The records

───

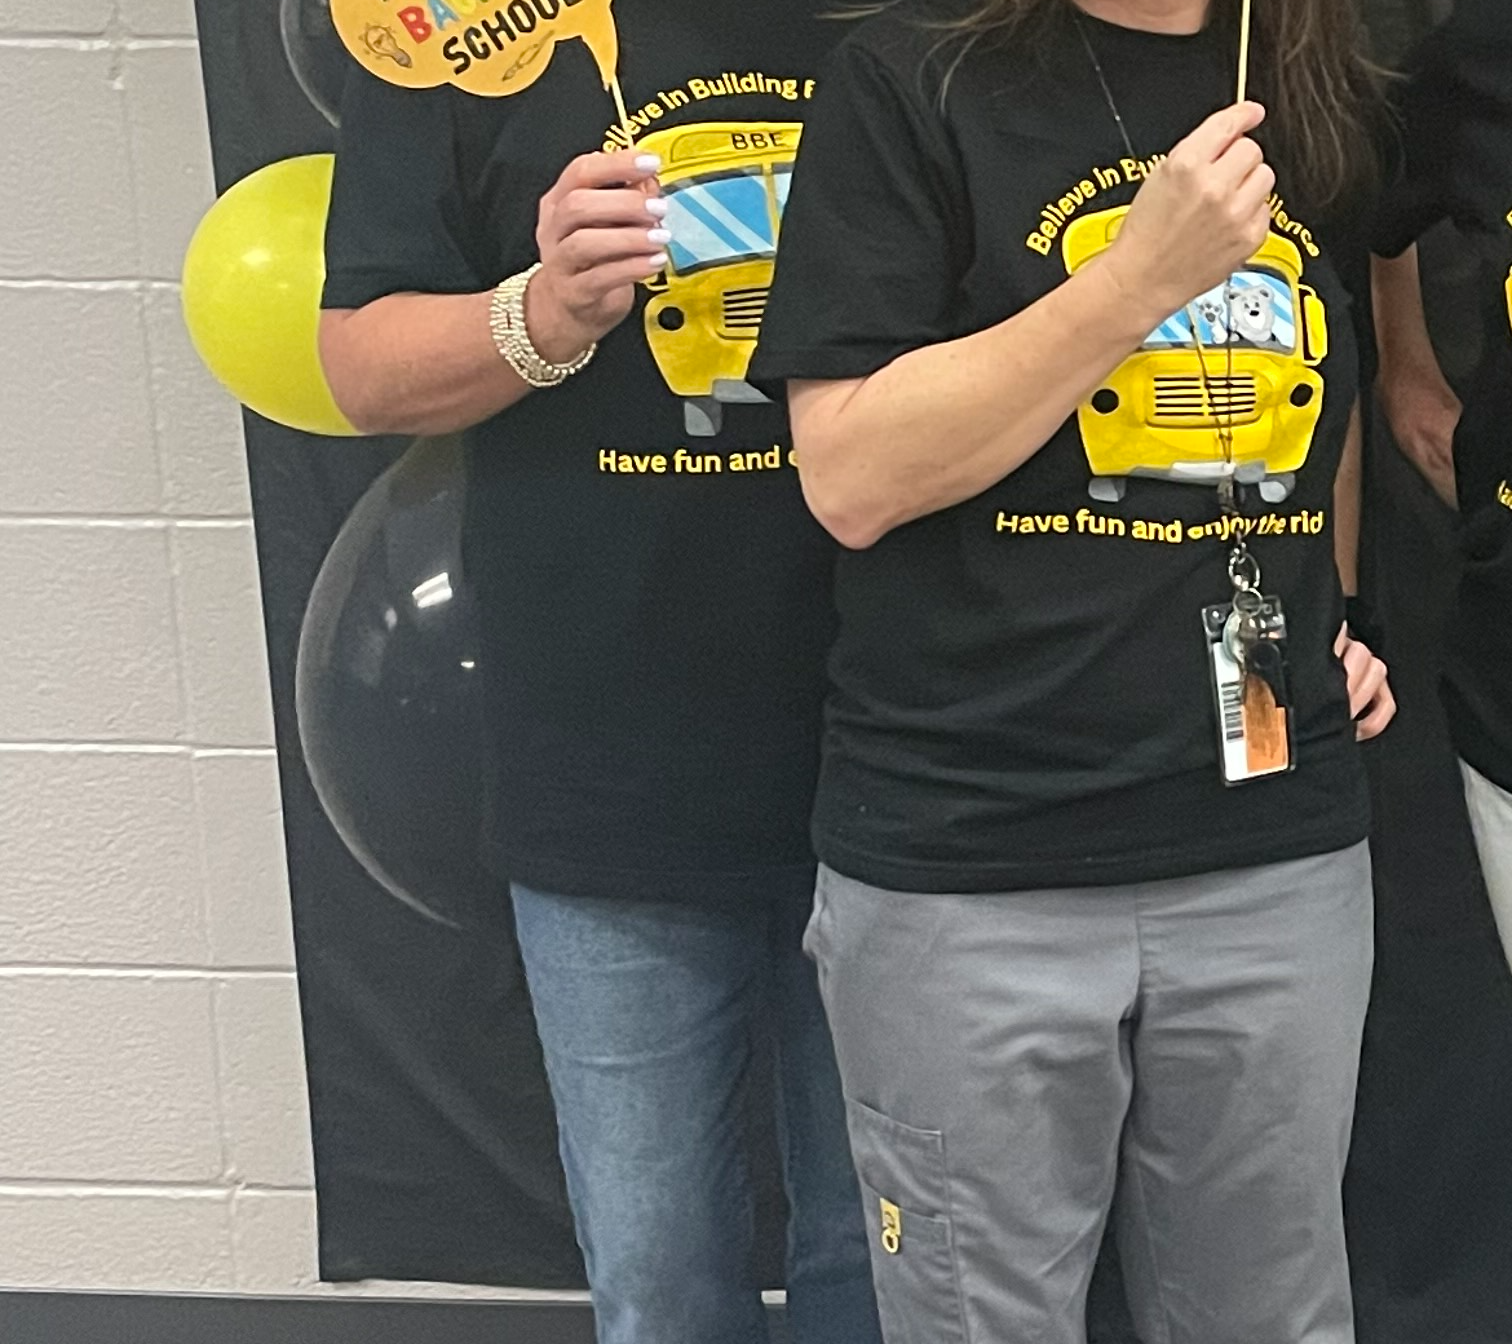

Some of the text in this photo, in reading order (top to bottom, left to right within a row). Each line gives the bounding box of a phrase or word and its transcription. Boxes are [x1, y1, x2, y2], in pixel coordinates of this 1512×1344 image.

[658, 89, 690, 110] in
[687, 72, 798, 101] Building
[731, 132, 785, 150] BBE
[1025, 178, 1098, 256] Believe
[1093, 166, 1121, 190] in
[599, 449, 667, 473] Have
[673, 449, 722, 473] fun
[729, 444, 780, 471] and
[996, 511, 1069, 535] Have
[1075, 508, 1126, 536] fun
[1131, 519, 1183, 544] and
[1256, 513, 1287, 535] the

───

How to complete this task
From the first line to the last, retype the material exactly and exclude the pictures.

Finished task
Some of the text in this photo, in reading order (top to bottom, left to right within a row). Each line gives the bounding box of a phrase or word and its transcription. Boxes are [x1, y1, x2, y2], in pixel coordinates of this 1512×1344 image.

[658, 89, 690, 110] in
[687, 72, 798, 101] Building
[731, 132, 785, 150] BBE
[1025, 178, 1098, 256] Believe
[1093, 166, 1121, 190] in
[599, 449, 667, 473] Have
[673, 449, 722, 473] fun
[729, 444, 780, 471] and
[996, 511, 1069, 535] Have
[1075, 508, 1126, 536] fun
[1131, 519, 1183, 544] and
[1256, 513, 1287, 535] the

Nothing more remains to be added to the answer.